Red Pepper magazine. August 1998

         
        McLibel: Two Worlds Collide
        video review by Martin McIvor  

        The BBC editor who rejected the McLibel documentary blamed its non-appearance on a failure to meet the 'legal and editorial standards' required by 'mainstream broadcasters'. This echoes the film's central theme, a mismatched encounter between corporate mediocrity and DIY ingenuity.

        On a shoestring budget, Franny Armstrong and volunteer technicians followed Helen Steel and Dave Morris's epic self-defence against McDonald's bullying libel writ. Their footage was often in demand for news items; but the full story, as told by the participants, was too raw for the major networks. who opted instead for dramatisations starring well-known actors.

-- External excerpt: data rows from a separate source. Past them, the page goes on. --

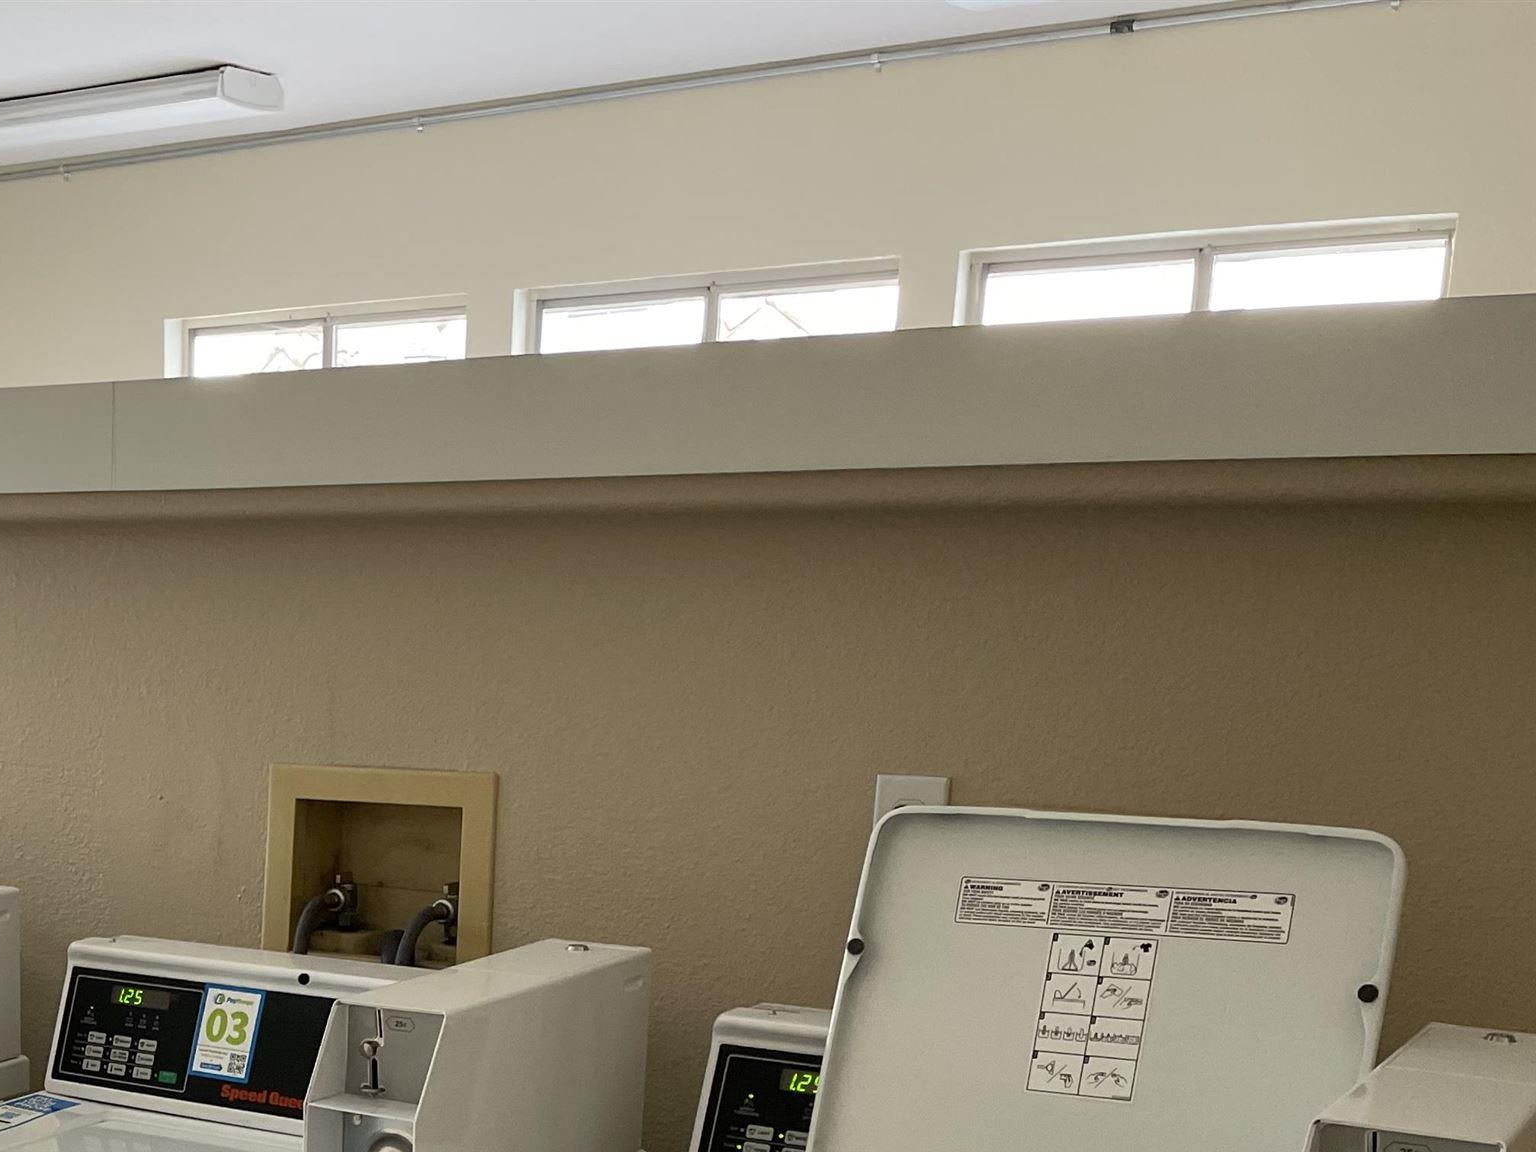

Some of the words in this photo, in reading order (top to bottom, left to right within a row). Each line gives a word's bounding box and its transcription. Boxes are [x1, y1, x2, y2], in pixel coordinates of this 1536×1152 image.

[970, 884, 1003, 892] WARNING
[1062, 889, 1124, 898] AVERTISSEMENT
[1181, 895, 1237, 904] ADVERTENCIA
[205, 1008, 249, 1045] 03
[220, 1084, 268, 1105] Speed
[269, 1092, 303, 1109] Ques

        In the protagonists' own version, Steel and Morris, playing themselves, re-enact their own cross-examinations of McDonald's expert witnesses, devastating performances of which leading QCs would be proud. There are interviews with infiltrators paid to spy on London Greenpeace, recorded conversations with worried senior executives from the US and some truly disturbing scenes at a sponsored playgroup fun day.

        Most chilling of all, however, is a scrolling list of more than 90 UK organisations who in previous cases gave in to McDonalds' legal threats, before two unemployed environmentalists had the courage to call their bluff. If, as its makers suspect, the persistence of this climate of fear is the real reason for British television's refusal to screen this serious and important film, it only shows the continuing need for such radical grassroots activism to challenge the corrupting matrices of economic. judicial and cultural power in which more established institutions are so fatally enmeshed.